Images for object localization
----------------------------------------
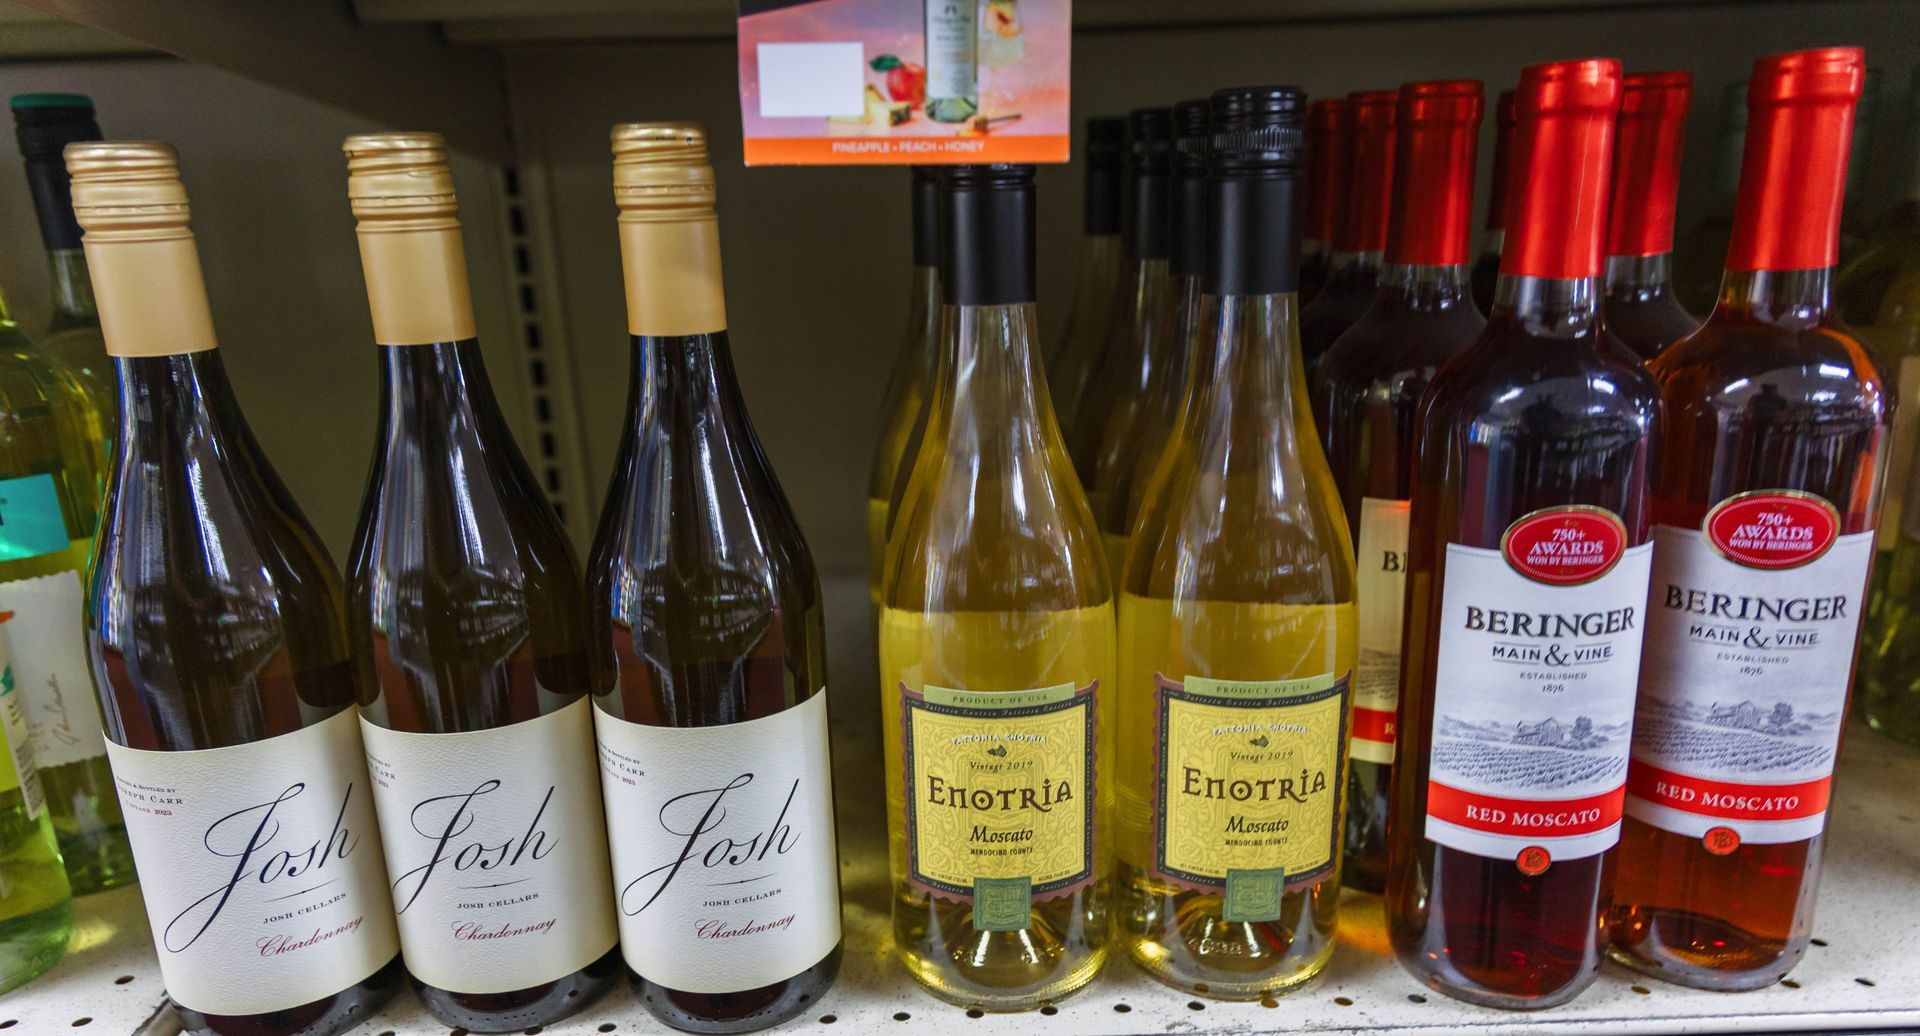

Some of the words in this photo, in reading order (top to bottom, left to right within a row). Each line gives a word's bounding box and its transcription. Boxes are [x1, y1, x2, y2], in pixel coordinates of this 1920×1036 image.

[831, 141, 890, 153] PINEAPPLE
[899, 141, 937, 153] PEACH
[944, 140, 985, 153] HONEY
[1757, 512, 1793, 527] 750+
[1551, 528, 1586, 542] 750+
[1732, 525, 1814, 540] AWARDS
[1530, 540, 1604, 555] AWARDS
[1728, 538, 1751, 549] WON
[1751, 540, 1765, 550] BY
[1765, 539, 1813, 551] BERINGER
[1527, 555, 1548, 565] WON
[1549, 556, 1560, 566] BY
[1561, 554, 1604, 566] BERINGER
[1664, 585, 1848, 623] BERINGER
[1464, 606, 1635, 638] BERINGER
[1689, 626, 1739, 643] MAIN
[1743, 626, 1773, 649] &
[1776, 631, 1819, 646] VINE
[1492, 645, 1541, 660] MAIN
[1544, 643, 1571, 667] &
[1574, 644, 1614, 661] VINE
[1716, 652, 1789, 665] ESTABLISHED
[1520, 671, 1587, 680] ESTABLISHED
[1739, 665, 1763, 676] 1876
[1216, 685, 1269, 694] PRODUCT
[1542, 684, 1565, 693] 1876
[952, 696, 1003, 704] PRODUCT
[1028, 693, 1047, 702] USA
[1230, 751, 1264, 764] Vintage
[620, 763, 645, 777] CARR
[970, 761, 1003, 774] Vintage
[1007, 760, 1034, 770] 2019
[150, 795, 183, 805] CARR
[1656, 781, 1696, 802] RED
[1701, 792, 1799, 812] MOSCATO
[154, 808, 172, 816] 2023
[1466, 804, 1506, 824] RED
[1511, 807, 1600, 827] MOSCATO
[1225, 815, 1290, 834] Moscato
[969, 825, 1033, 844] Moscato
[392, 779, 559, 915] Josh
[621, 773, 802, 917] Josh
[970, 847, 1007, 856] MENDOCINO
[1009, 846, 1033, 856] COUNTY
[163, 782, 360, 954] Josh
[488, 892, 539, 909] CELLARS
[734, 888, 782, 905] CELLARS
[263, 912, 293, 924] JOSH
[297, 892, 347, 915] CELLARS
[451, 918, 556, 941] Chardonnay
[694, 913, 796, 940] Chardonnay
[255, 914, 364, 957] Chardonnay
----------------------------------------
## [ABOUT THIS EXERCISE]
What you return must match the records above exactly, minus any images.

## [OUTPUT OF THE TASK]
Some of the words in this photo, in reading order (top to bottom, left to right within a row). Each line gives a word's bounding box and its transcription. Boxes are [x1, y1, x2, y2], in pixel coordinates of this 1920×1036 image.

[831, 141, 890, 153] PINEAPPLE
[899, 141, 937, 153] PEACH
[944, 140, 985, 153] HONEY
[1757, 512, 1793, 527] 750+
[1551, 528, 1586, 542] 750+
[1732, 525, 1814, 540] AWARDS
[1530, 540, 1604, 555] AWARDS
[1728, 538, 1751, 549] WON
[1751, 540, 1765, 550] BY
[1765, 539, 1813, 551] BERINGER
[1527, 555, 1548, 565] WON
[1549, 556, 1560, 566] BY
[1561, 554, 1604, 566] BERINGER
[1664, 585, 1848, 623] BERINGER
[1464, 606, 1635, 638] BERINGER
[1689, 626, 1739, 643] MAIN
[1743, 626, 1773, 649] &
[1776, 631, 1819, 646] VINE
[1492, 645, 1541, 660] MAIN
[1544, 643, 1571, 667] &
[1574, 644, 1614, 661] VINE
[1716, 652, 1789, 665] ESTABLISHED
[1520, 671, 1587, 680] ESTABLISHED
[1739, 665, 1763, 676] 1876
[1216, 685, 1269, 694] PRODUCT
[1542, 684, 1565, 693] 1876
[952, 696, 1003, 704] PRODUCT
[1028, 693, 1047, 702] USA
[1230, 751, 1264, 764] Vintage
[620, 763, 645, 777] CARR
[970, 761, 1003, 774] Vintage
[1007, 760, 1034, 770] 2019
[150, 795, 183, 805] CARR
[1656, 781, 1696, 802] RED
[1701, 792, 1799, 812] MOSCATO
[154, 808, 172, 816] 2023
[1466, 804, 1506, 824] RED
[1511, 807, 1600, 827] MOSCATO
[1225, 815, 1290, 834] Moscato
[969, 825, 1033, 844] Moscato
[392, 779, 559, 915] Josh
[621, 773, 802, 917] Josh
[970, 847, 1007, 856] MENDOCINO
[1009, 846, 1033, 856] COUNTY
[163, 782, 360, 954] Josh
[488, 892, 539, 909] CELLARS
[734, 888, 782, 905] CELLARS
[263, 912, 293, 924] JOSH
[297, 892, 347, 915] CELLARS
[451, 918, 556, 941] Chardonnay
[694, 913, 796, 940] Chardonnay
[255, 914, 364, 957] Chardonnay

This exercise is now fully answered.